(Saved entries)
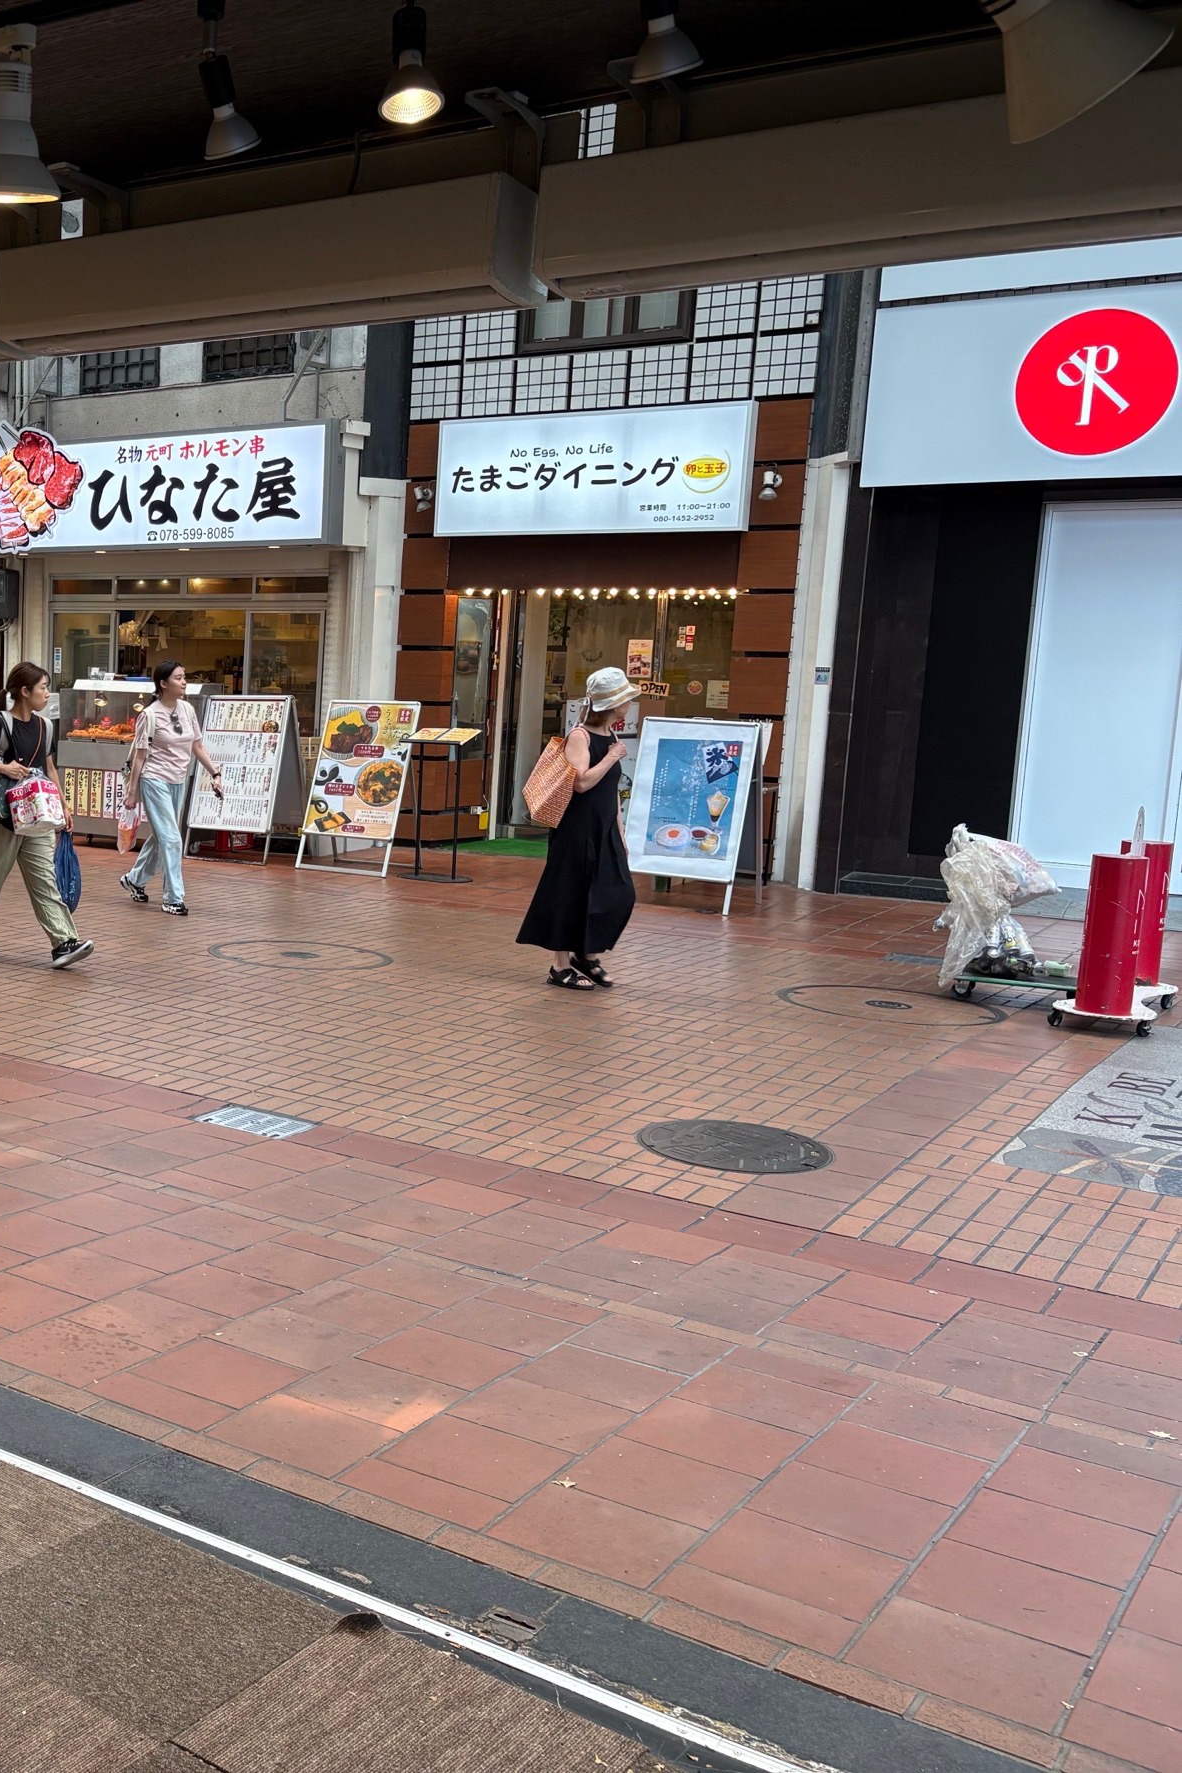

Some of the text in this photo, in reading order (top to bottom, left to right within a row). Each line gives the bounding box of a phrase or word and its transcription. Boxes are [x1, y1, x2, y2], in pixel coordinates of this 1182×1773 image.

[114, 434, 266, 464] 名物 元町 ホルモン串
[510, 443, 613, 459] No Egg, No Life
[451, 455, 680, 494] たまごダイニング
[685, 462, 727, 475] 卵と玉子
[88, 456, 301, 531] ひなた屋
[159, 527, 235, 541] 078-599-8085
[640, 683, 668, 695] OPEN
[705, 747, 729, 768] 氷

#### [Activity]
What the reply must contain is an exact transcription of the data above and none of its pictures.

#### [Task response]
Some of the text in this photo, in reading order (top to bottom, left to right within a row). Each line gives the bounding box of a phrase or word and its transcription. Boxes are [x1, y1, x2, y2], in pixel coordinates of this 1182×1773 image.

[114, 434, 266, 464] 名物 元町 ホルモン串
[510, 443, 613, 459] No Egg, No Life
[451, 455, 680, 494] たまごダイニング
[685, 462, 727, 475] 卵と玉子
[88, 456, 301, 531] ひなた屋
[159, 527, 235, 541] 078-599-8085
[640, 683, 668, 695] OPEN
[705, 747, 729, 768] 氷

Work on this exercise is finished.